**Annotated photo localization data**
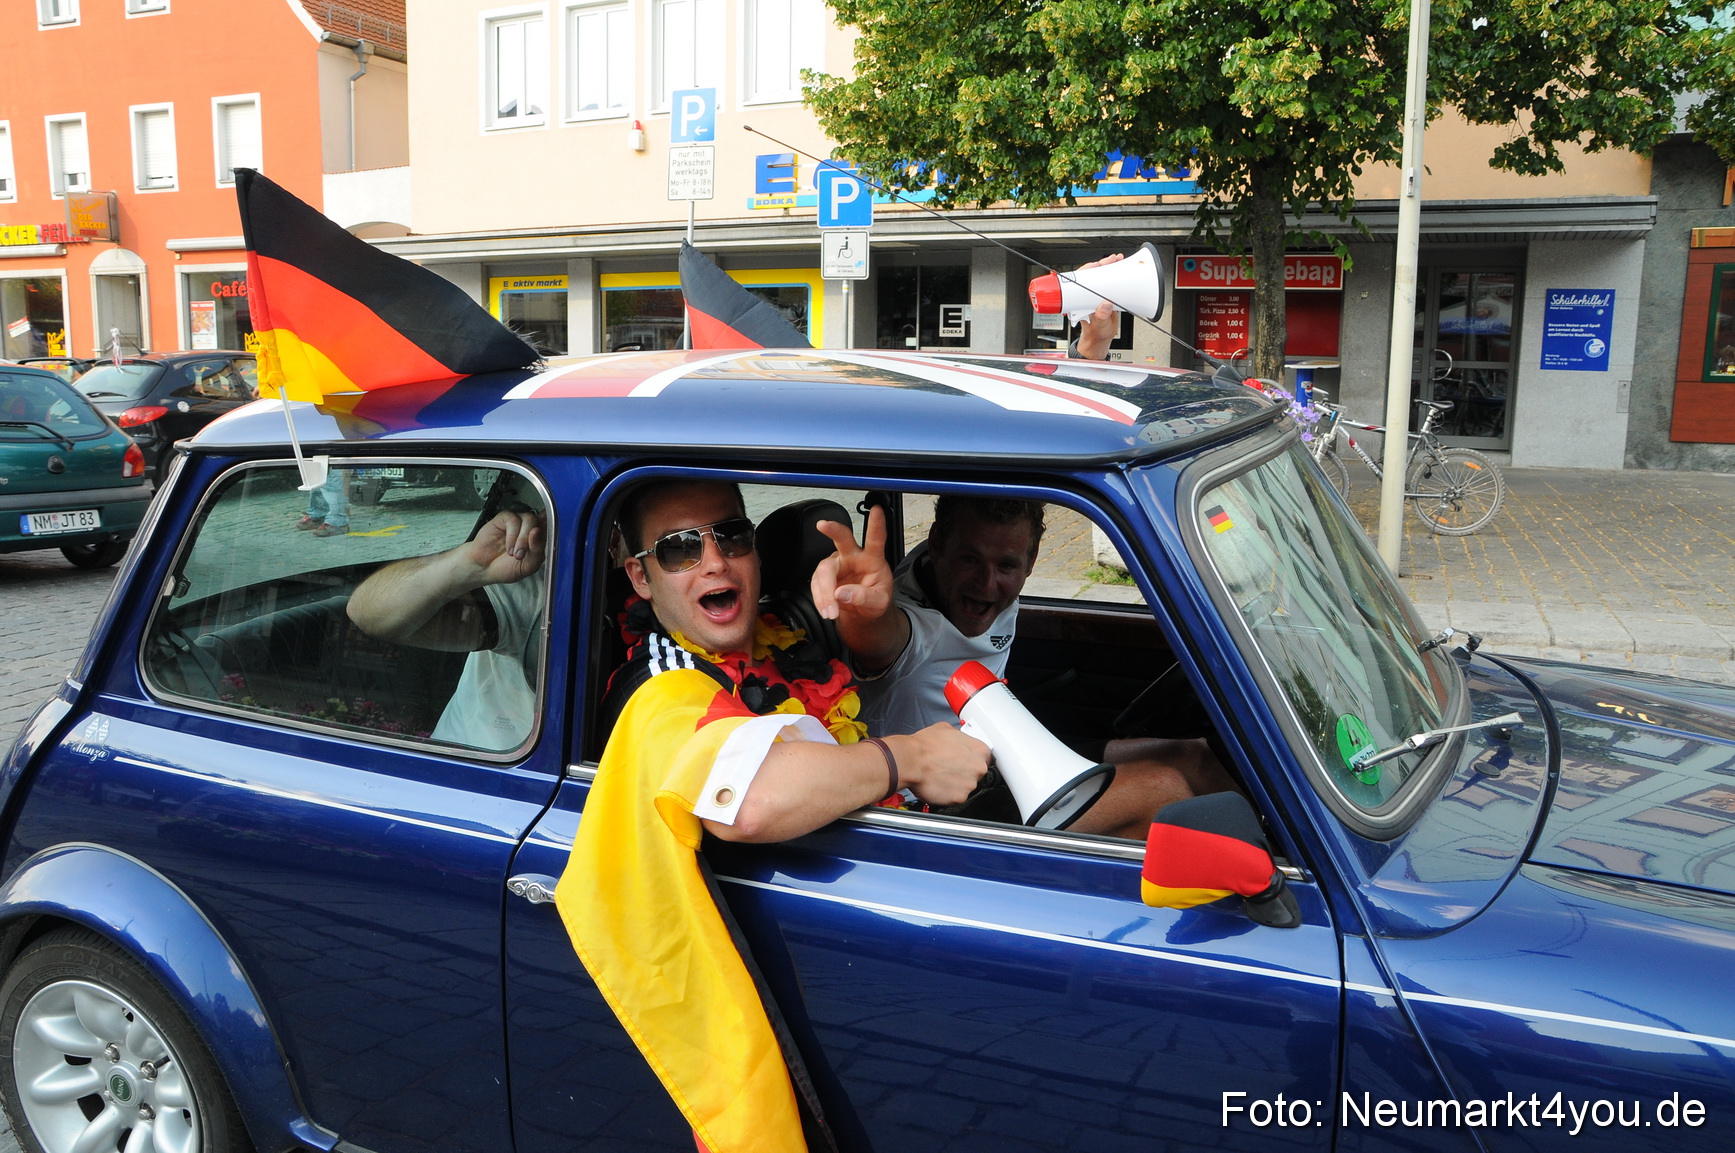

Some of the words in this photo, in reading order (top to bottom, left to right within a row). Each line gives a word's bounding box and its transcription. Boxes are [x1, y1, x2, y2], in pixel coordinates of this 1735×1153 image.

[681, 95, 706, 137] P
[693, 150, 705, 158] mit
[672, 159, 711, 167] Parkschein
[675, 168, 708, 177] werktags
[670, 188, 679, 196] Sa
[755, 197, 794, 206] EDEKA
[830, 177, 860, 220] P
[1200, 259, 1255, 286] Supe
[1284, 259, 1336, 286] ebap
[513, 279, 535, 288] aktiv
[536, 279, 563, 287] markt
[210, 281, 248, 298] Café
[1199, 319, 1219, 327] Börek
[1198, 331, 1220, 339] Getränk
[1226, 332, 1239, 340] 1,00
[33, 514, 53, 530] NM
[61, 513, 76, 527] JT
[80, 511, 94, 526] 83
[72, 741, 108, 762] Monza
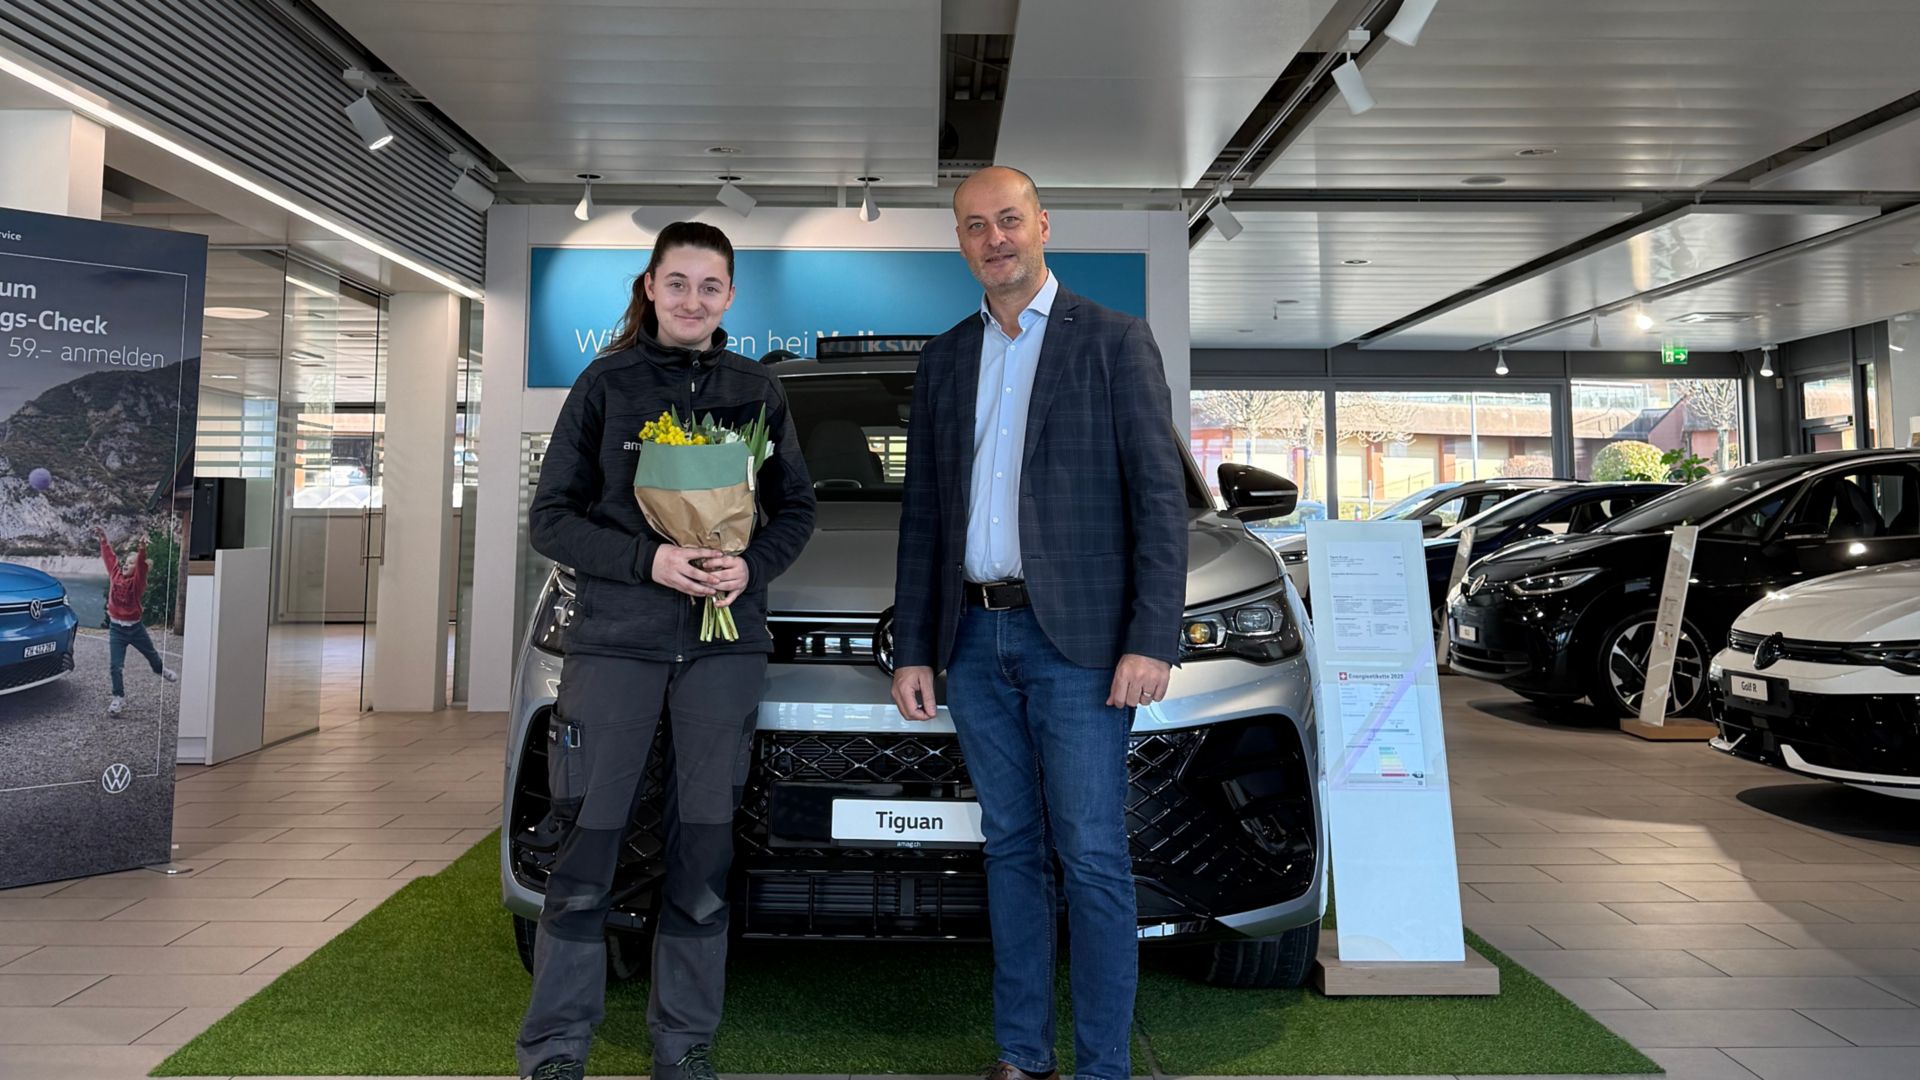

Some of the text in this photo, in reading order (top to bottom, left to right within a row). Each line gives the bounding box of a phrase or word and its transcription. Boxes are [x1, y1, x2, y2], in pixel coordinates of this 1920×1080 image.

[768, 329, 809, 354] bei
[61, 345, 164, 368] anmelden
[623, 441, 642, 451] am
[1752, 683, 1757, 692] R
[876, 811, 943, 833] Tiguan
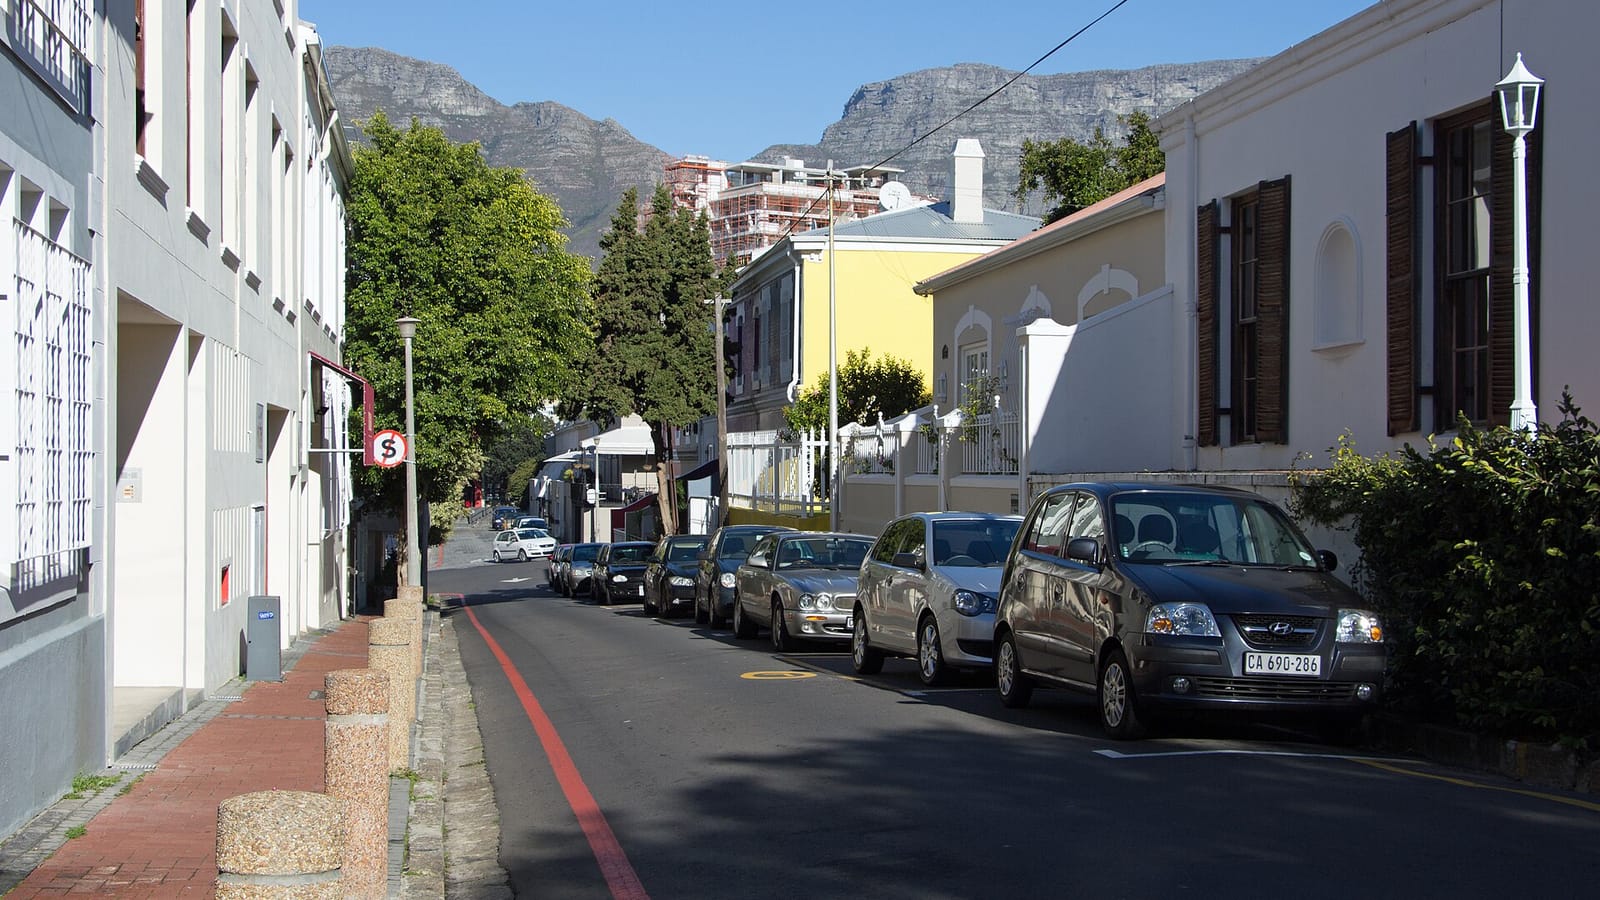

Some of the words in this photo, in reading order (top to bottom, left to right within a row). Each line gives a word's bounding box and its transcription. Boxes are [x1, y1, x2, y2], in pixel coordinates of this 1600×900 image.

[381, 438, 397, 459] S
[1247, 654, 1263, 670] CA
[1267, 655, 1318, 672] 690-286

**Task brief**
Word for word and without any pictures, return all of the lines above.

**Response area**
Some of the words in this photo, in reading order (top to bottom, left to right within a row). Each line gives a word's bounding box and its transcription. Boxes are [x1, y1, x2, y2], in pixel coordinates of this 1735×1153 image.

[681, 95, 706, 137] P
[693, 150, 705, 158] mit
[672, 159, 711, 167] Parkschein
[675, 168, 708, 177] werktags
[670, 188, 679, 196] Sa
[755, 197, 794, 206] EDEKA
[830, 177, 860, 220] P
[1200, 259, 1255, 286] Supe
[1284, 259, 1336, 286] ebap
[513, 279, 535, 288] aktiv
[536, 279, 563, 287] markt
[210, 281, 248, 298] Café
[1199, 319, 1219, 327] Börek
[1198, 331, 1220, 339] Getränk
[1226, 332, 1239, 340] 1,00
[33, 514, 53, 530] NM
[61, 513, 76, 527] JT
[80, 511, 94, 526] 83
[72, 741, 108, 762] Monza

Some of the text in this photo, in reading order (top to bottom, left to right within a row). Each line gives the bounding box of a phrase or word and its transcription. Boxes are [x1, y1, x2, y2], in pixel coordinates of this 1920×1080 image.

[768, 329, 809, 354] bei
[61, 345, 164, 368] anmelden
[623, 441, 642, 451] am
[1752, 683, 1757, 692] R
[876, 811, 943, 833] Tiguan

Some of the words in this photo, in reading order (top to bottom, left to right within a row). Each line gives a word's bounding box and its transcription. Boxes are [x1, y1, x2, y2], in pixel coordinates of this 1600×900 image.

[381, 438, 397, 459] S
[1247, 654, 1263, 670] CA
[1267, 655, 1318, 672] 690-286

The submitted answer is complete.